The Registrant hereby incorporates by reference into this
Registration Statement the documents listed in (a) through (c) below:
(a) The Registrant's latest annual report filed pursuant
to Section 13(a) or 15(d) of the Securities Exchange
Act of 1934, or either (I) the latest prospectus
filed pursuant to Rule 424(b) under the Securities
Act of 1933 that contains audited financial
statements for the Registrant's latest fiscal year
for which such statements have been filed or (II) the
Registrant's effective registration statement on Form
10 or 10-SB filed under the Securities Exchange Act
of 1934 containing audited financial statements for
the Registrant's latest fiscal year;
(b) All other reports filed pursuant to Section 13(a) or
15(d) of the Securities Exchange Act of 1934 since
the end of the fiscal year covered by the Registrant
document referred to in (a) above;
(c) If the class of securities to be offered is
registered under Section 12 of the Securities
Exchange Act of 1934, the description of such class
of securities contained in a registration statement
filed under such Act, including any amendment or
report filed for the purpose of updating such
description.
All documents subsequently filed by the Registrant pursuant to
Sections 13(a), 13(c), 14 and 15(d) of the Securities Exchange Act of 1934,
prior to the filing of a post-effective amendment which indicates that all
securities offered have been sold or which deregisters all such securities then
remaining unsold, shall be deemed to be incorporated by reference in this
Registration Statement and to be a part hereof from the date of filing of such
documents.
Item 4. Description of Securities.
Not Applicable.
Item 5. Interests of Named Experts and Counsel.
Not applicable.
Item 6. Indemnification of Directors and Officers.
Under Minnesota corporate law, a corporation shall, unless
prohibited or limited by its Articles of Incorporation or Bylaws, indemnify its
directors, officers, employees and agents against judgments, penalties, fines,
settlements, expenses and disbursements incurred by such person who was, or is
threatened to be, made a party to a proceeding by reason of the fact that the
person is or was a director, officer, employee or agent of the corporation if
generally, with respect to the acts or omissions of the person complained of in
the proceeding, the person: (i) has not been indemnified by another organization
with respect to the same acts or omissions; (ii) acted in good faith, (iii)

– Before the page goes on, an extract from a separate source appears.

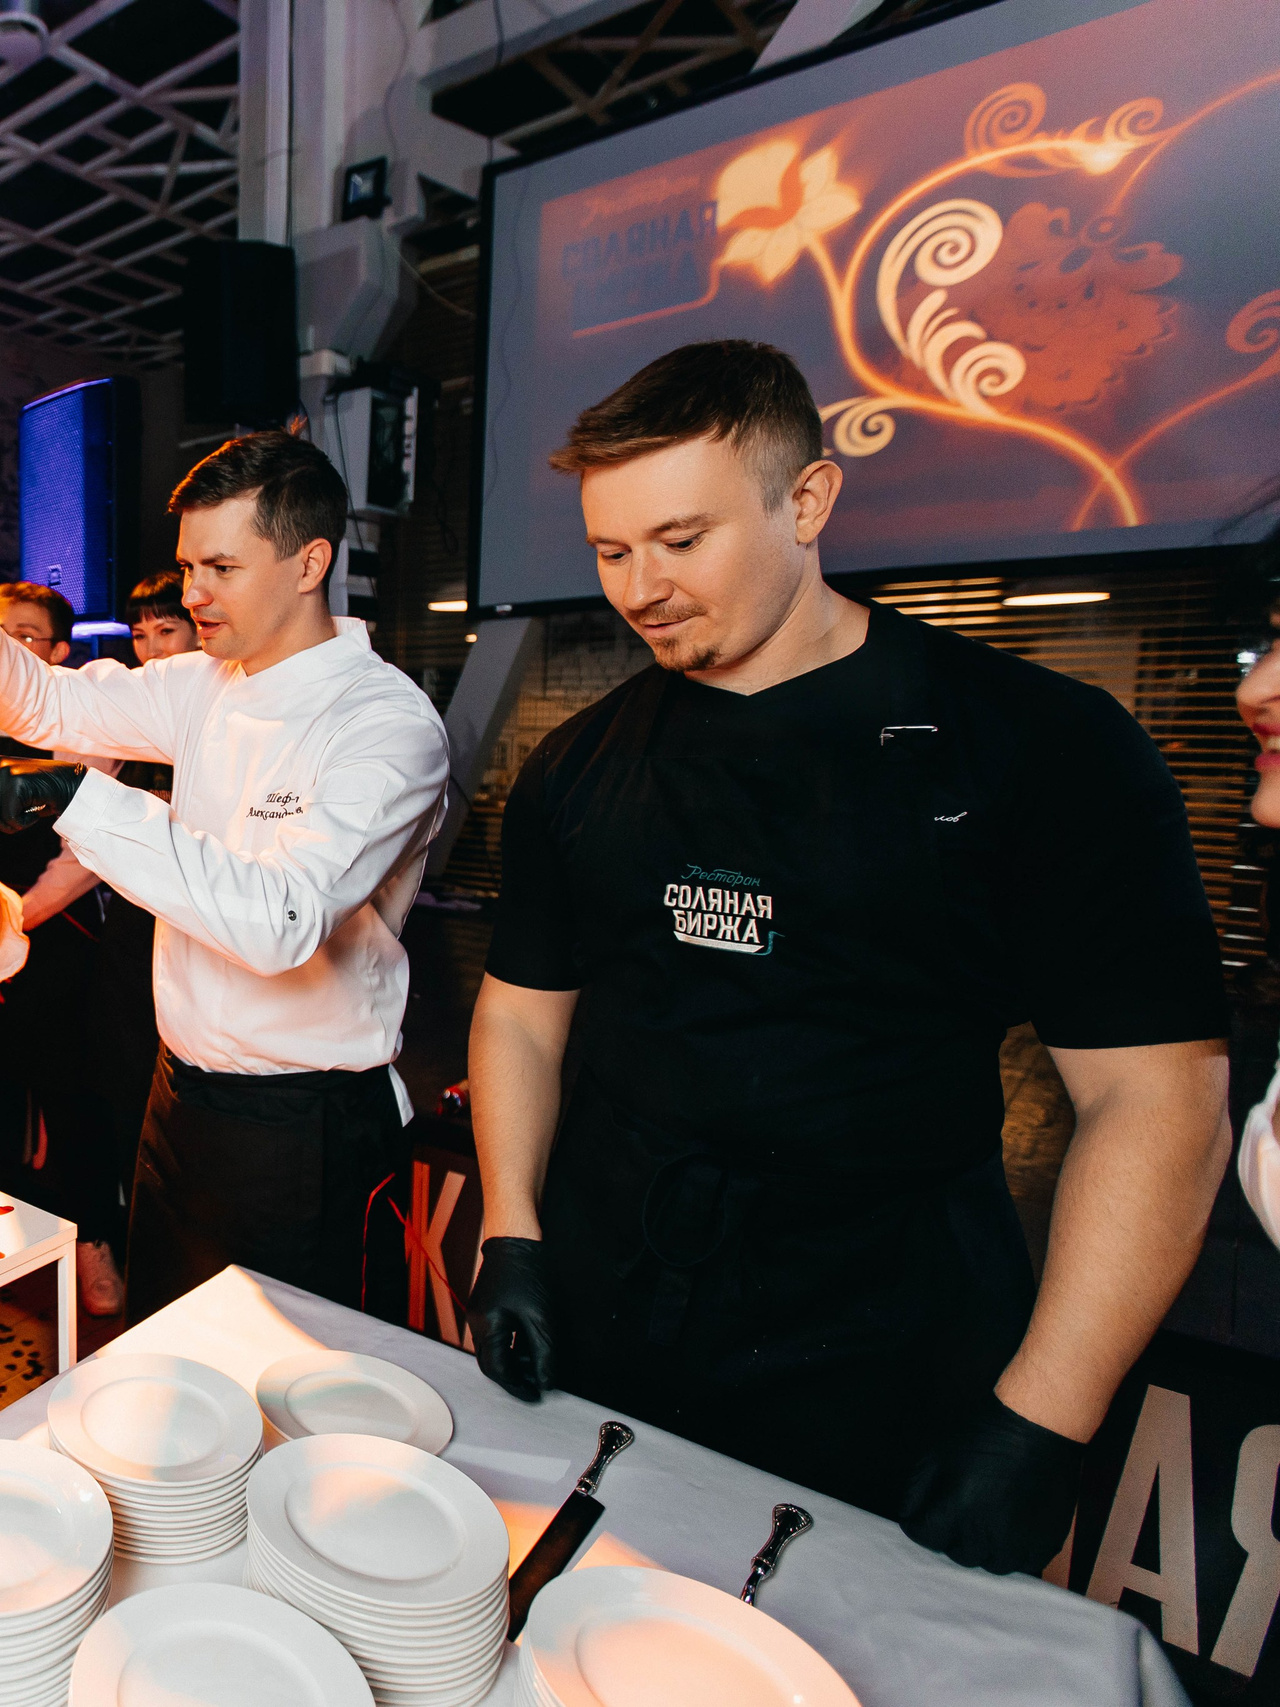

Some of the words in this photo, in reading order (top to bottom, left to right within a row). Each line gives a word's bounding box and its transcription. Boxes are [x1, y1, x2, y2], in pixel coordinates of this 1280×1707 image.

received no improper personal benefit; (iv) in the case of a criminal
proceeding, had no reasonable cause to believe the conduct was unlawful; and (v)
reasonably believed the conduct was in the best interests of the corporation or,
in certain circumstances, reasonably believed that the conduct was not opposed
to the best interests of the corporation. Minnesota corporate law also provides
that a corporation may purchase and maintain insurance on behalf of any
indemnified party against any liability asserted against such person, whether or
not the corporation would have been required to indemnify the person against
liability under the provisions of Minnesota corporate law. The Registrant's
Articles of Incorporation and Bylaws do not limit the Registrant's obligation to
indemnify such persons.
<PAGE>
Item 7. Exemption from Registration Claimed.
Not applicable.
Item 8. Exhibits.
5 Opinion and Consent of Fredrikson & Byron, P.A. relating to the
legality of securities under the 1995 Employee Stock Purchase
Plan.
23.1 Consent of Fredrikson & Byron, P.A. -- included in their opinion
filed as Exhibit 5.
23.2 Consent of Ernst & Young LLP.
24 Power of Attorney from certain directors.
Item 9. Undertakings.
(a) The undersigned Registrant hereby undertakes:
(1) To file, during any period in which offers or sales are
being made, a post-effective amendment to this Registration
Statement:
(i) To include any prospectus required by Section
10(a)(3) of the Securities Act of 1933;
(ii) To reflect in the prospectus any facts
or events arising after the effective date
of the Registration Statement (or the most
recent post-effective amendment thereof)
which, individually or in the aggregate,
represents a fundamental change in the
information set forth in the Registration
Statement;
(iii) To include any material information
with respect to the plan of distribution not
previously disclosed in the Registration
Statement or any material change to such
information in the Registration Statement;
Provided, however, that paragraphs (a)(1)(i)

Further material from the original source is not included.